Authors: Mike Blakely
His father's next arrow flew truer, but found the shield of a Northern Raider, instead of vitals. He took the next moment to remove the war bridle from his dying stallion, for his son was coming fast.
An arrow thumped the carcass of the stallion, and others passed Shaggy Hump like bees. He turned away from the attack to watch his son ride to his rescue. He had seen the boys practice pulling one another onto their horses, and knew how it was done, though he had not tried it himself.
Horseback reached for his father and ignored the arrows that brushed by him. He clasped his fist tight above his father's elbow and used his weight to pull Shaggy Hump on behind him. Having sprung at the right moment, Shaggy Hump landed astride the rump of the horse, quickly scooting up behind his son. He cawed like a crow and smiled over his shoulder at his enemies, though their arrows seemed to swarm. Beyond them, he could see the white man preparing the Fire Stick for more magic.

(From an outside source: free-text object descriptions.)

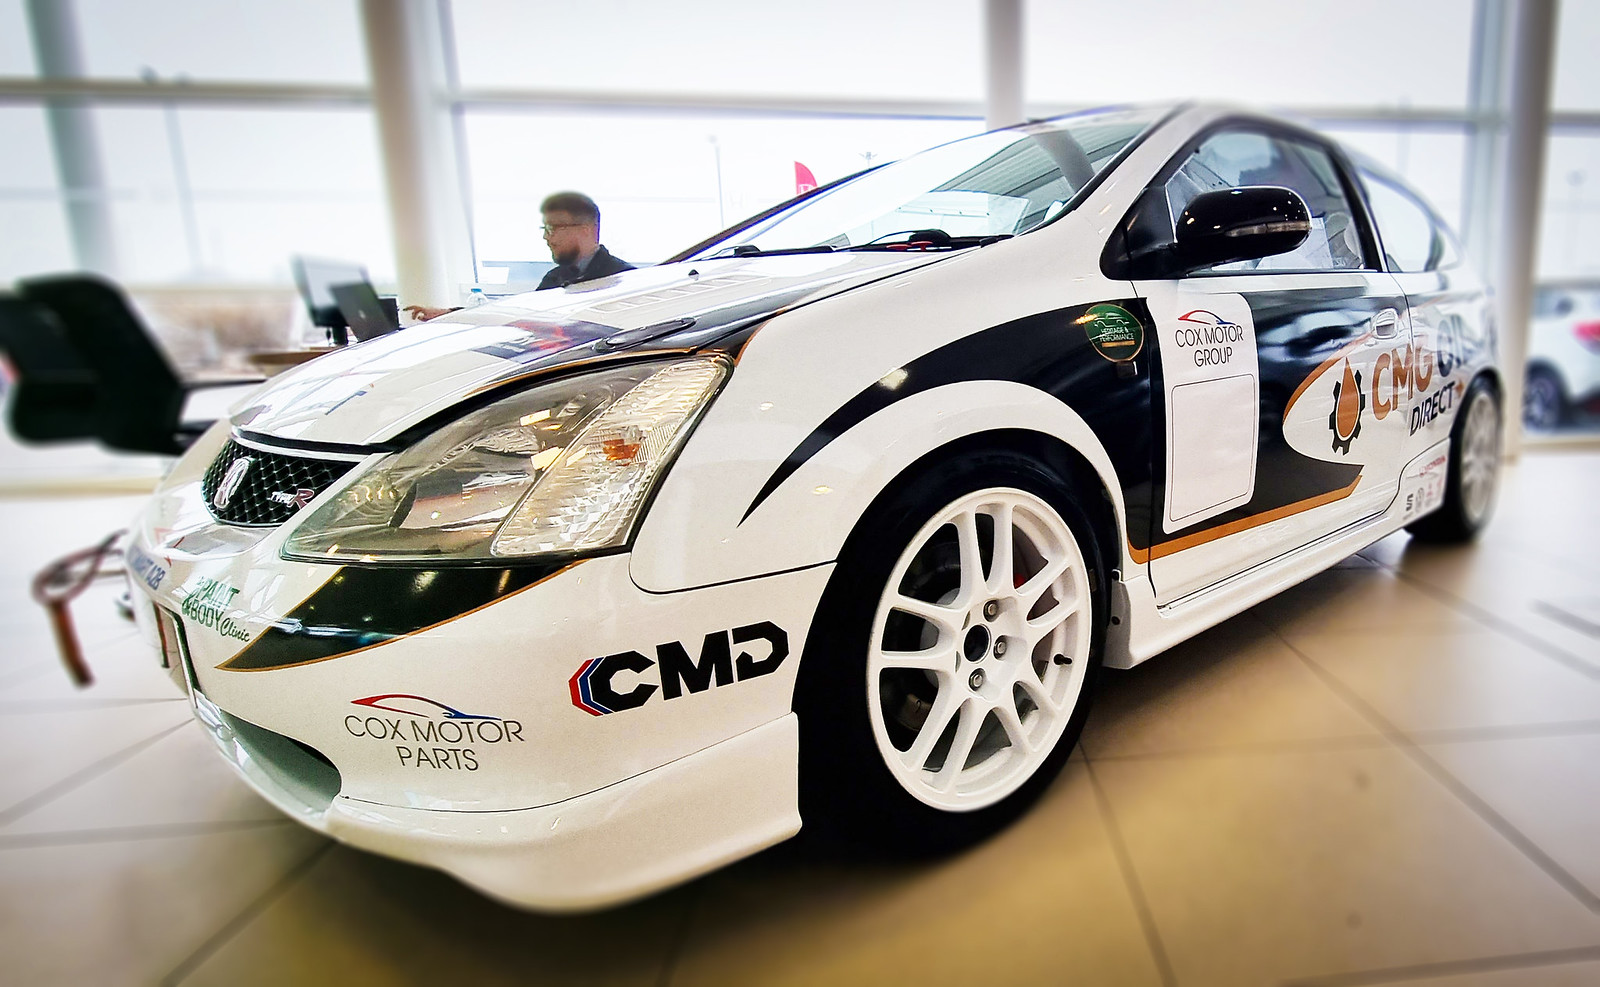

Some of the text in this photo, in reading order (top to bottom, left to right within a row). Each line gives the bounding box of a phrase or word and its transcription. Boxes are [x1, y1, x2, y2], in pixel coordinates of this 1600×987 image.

[1174, 325, 1244, 348] COX MOTOR
[1193, 346, 1233, 367] GROUP
[1372, 336, 1433, 421] CMG
[1409, 381, 1456, 437] DIRECT
[287, 488, 315, 509] R
[194, 578, 240, 611] PAINT
[220, 617, 250, 643] Clinic
[569, 620, 790, 717] CMD
[344, 714, 525, 744] COX MOTOR
[395, 745, 480, 772] PARTS

Soon they were beyond arrow shot, riding toward the horses, which had bunched ever closer for protection, too curious to run from the two strange riders. Horseback rode directly into this herd, and leapt upon the sandy colored mare that dragged the rope. Quickly, he grabbed the rope around her neck and slid off. Standing on the ground, he let the mare pull against the rope as he motioned to his father for the war bridle.
Shaggy Hump tossed the bridle he had taken from his dead stallion, and slid up behind the withers of the pony, taking the reins Horseback had dropped. As his son charmed the horse at the end of the rope, Shaggy Hump rode around the captured herd to keep them from scattering. The Northern Raiders were coming swiftly on foot, picking up their arrows as they ran.

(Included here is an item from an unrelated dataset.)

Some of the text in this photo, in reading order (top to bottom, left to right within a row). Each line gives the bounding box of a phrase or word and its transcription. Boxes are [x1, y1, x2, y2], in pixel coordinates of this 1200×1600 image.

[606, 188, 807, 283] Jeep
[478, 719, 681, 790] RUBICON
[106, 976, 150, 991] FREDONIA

Grunting at the captured mare to calm her, Horseback worked his way up the rope until he could touch her head. He stroked her a few times, gently, though she tried to pull away. He said, “
Noomah. Noo-oo-oo-mah-ah
⦔ He used a firm and steady hand, and the mare ceased to fight. Quickly, he hitched the horsehide bridle around the lower jaw of the captured mare and mounted. She was a beautiful animal the color of fine river sand, with a dark stripe down her back and another across her shoulders. Her ears stood straight, like two young pines reaching for the same sun, and her eyes were large and round and black.

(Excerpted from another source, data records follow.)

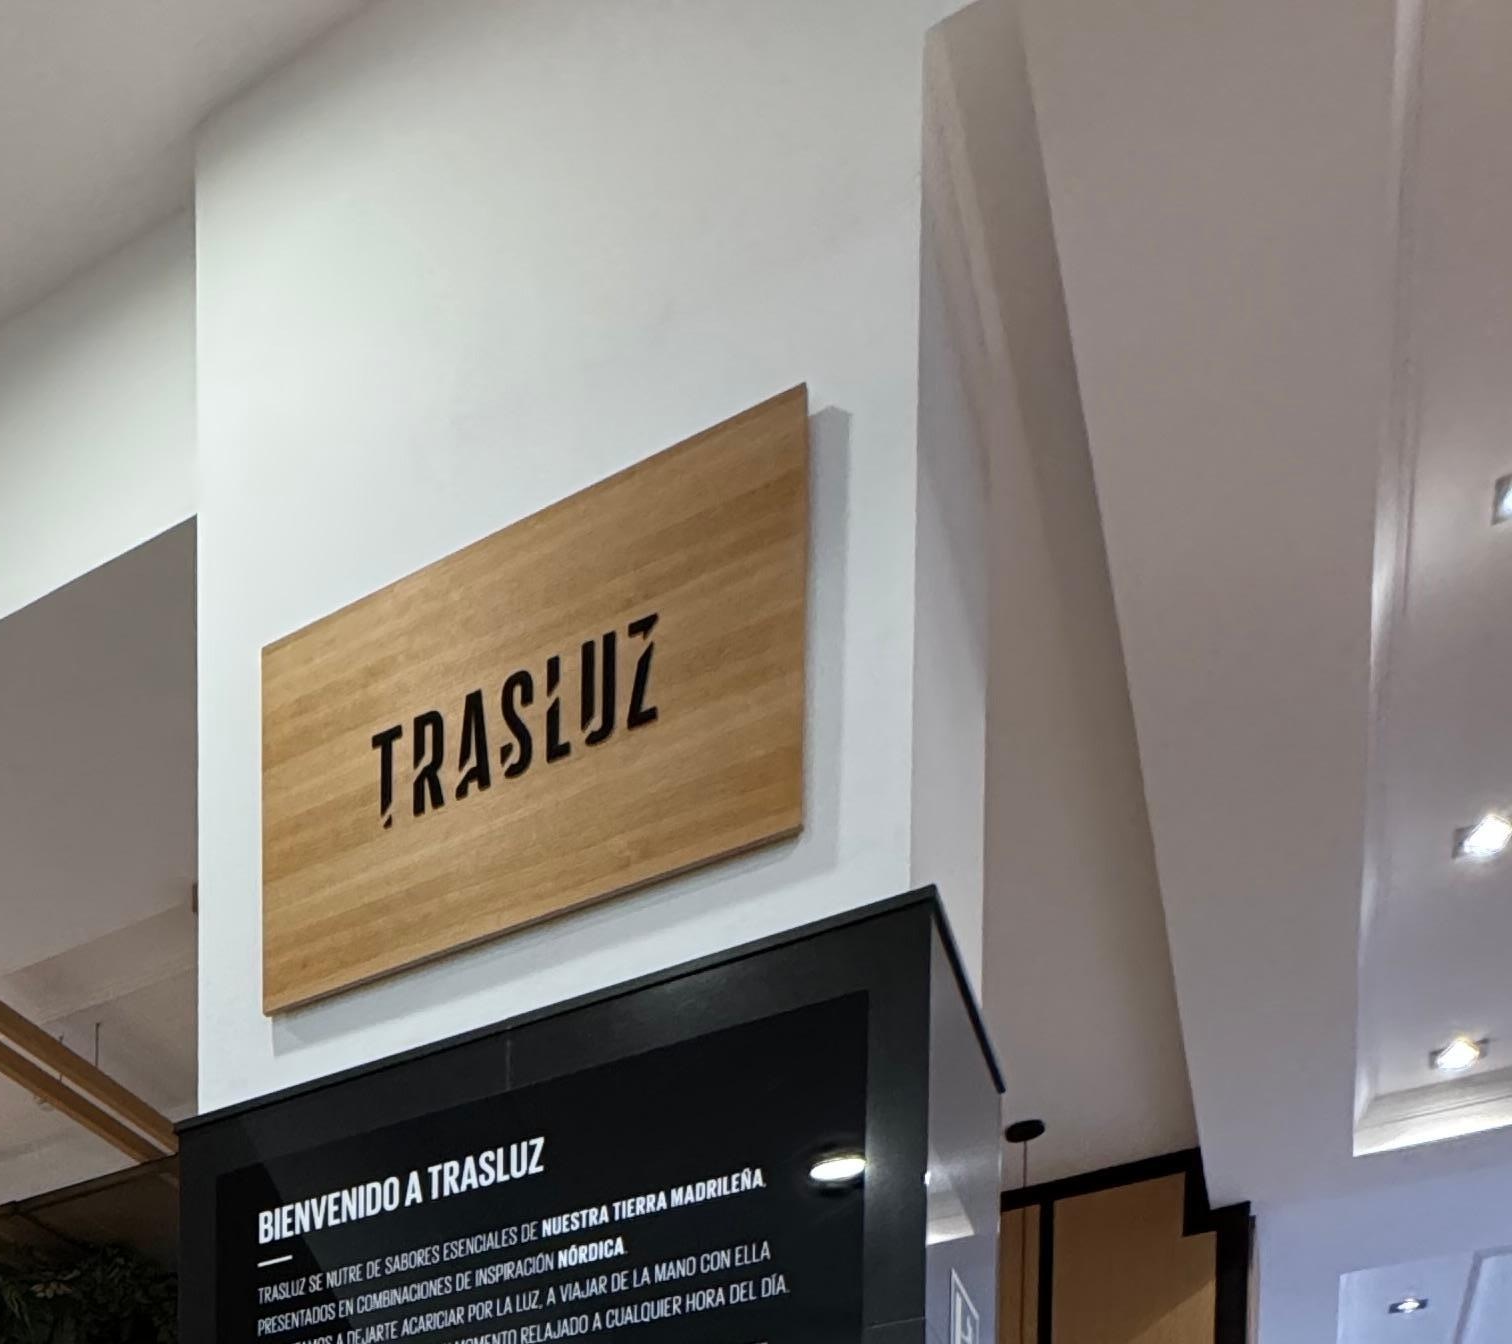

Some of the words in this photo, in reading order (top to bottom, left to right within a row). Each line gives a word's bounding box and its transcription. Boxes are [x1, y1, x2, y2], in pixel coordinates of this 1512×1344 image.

[371, 612, 659, 829] TRASLUZ
[259, 1176, 399, 1244] BIENVENIDO
[405, 1171, 422, 1207] A
[428, 1137, 544, 1200] TRASLUZ
[258, 1278, 305, 1304] TRASLUZ
[309, 1273, 323, 1293] SE
[326, 1265, 363, 1289] NUTRE
[366, 1262, 381, 1279] DE
[385, 1245, 439, 1275] SABORES
[443, 1226, 517, 1261] ESENCIALES
[522, 1221, 538, 1240] DE
[542, 1205, 609, 1237] NUESTRA
[612, 1190, 667, 1221] TIERRA
[258, 1303, 335, 1336] PRESENTADOS
[339, 1299, 353, 1318] EN
[357, 1275, 452, 1314] COMBINACIONES
[456, 1271, 470, 1292] DE
[475, 1253, 553, 1288] INSPIRACIÓN
[402, 1307, 464, 1337] ACARICIAR
[468, 1300, 492, 1323] POR
[496, 1296, 512, 1317] LA
[547, 1287, 555, 1307] A
[560, 1275, 607, 1300] VIAJAR
[611, 1270, 629, 1292] DE
[633, 1266, 650, 1288] LA
[655, 1256, 696, 1283] MANO
[700, 1249, 731, 1274] CON
[735, 1240, 771, 1267] ELLA
[593, 1312, 601, 1331] A
[606, 1295, 681, 1329] CUALQUIER
[686, 1287, 725, 1313] HORA
[730, 1281, 756, 1304] DEL

Coiling the rope to keep her from stepping on it as they made their escape, Horseback heard a strange voice shouting from the enemy village. Glancing, he saw the hairy-faced white man waving his arms at the Northern Raiders, warning them aside, for the enemy warriors had moved in between the horse takers and the Fire Stick.
“Ride low, my son!” Shaggy Hump said, starting the stolen herd toward their own camp of cut lodge poles. “Keep our enemies between us and the white man!”
Horseback tied the coiled rope into the sandy mare's mane and swatted her rump with his bow to make her run. Looking over his shoulder, he tried to keep the enemy warriors between himself and the Fire Stick, yet he had to weave to herd the horses. He saw his father lying along the neck of the horse he rode, and thought this was a good idea, making a smaller target of himself for the Fire Stick, which he knew would soon lick with its evil tongue of black smoke.
Falling against the neck of the sandy mare, Horseback found the coil of rope he had tied into the mane pressing against his bow arm. The lower curve of the coil was just right for his elbow to settle into, so he let this coil of rope bear his weight, and found he could use the neck of the horse as his shield by resting his elbow in this circle of rope.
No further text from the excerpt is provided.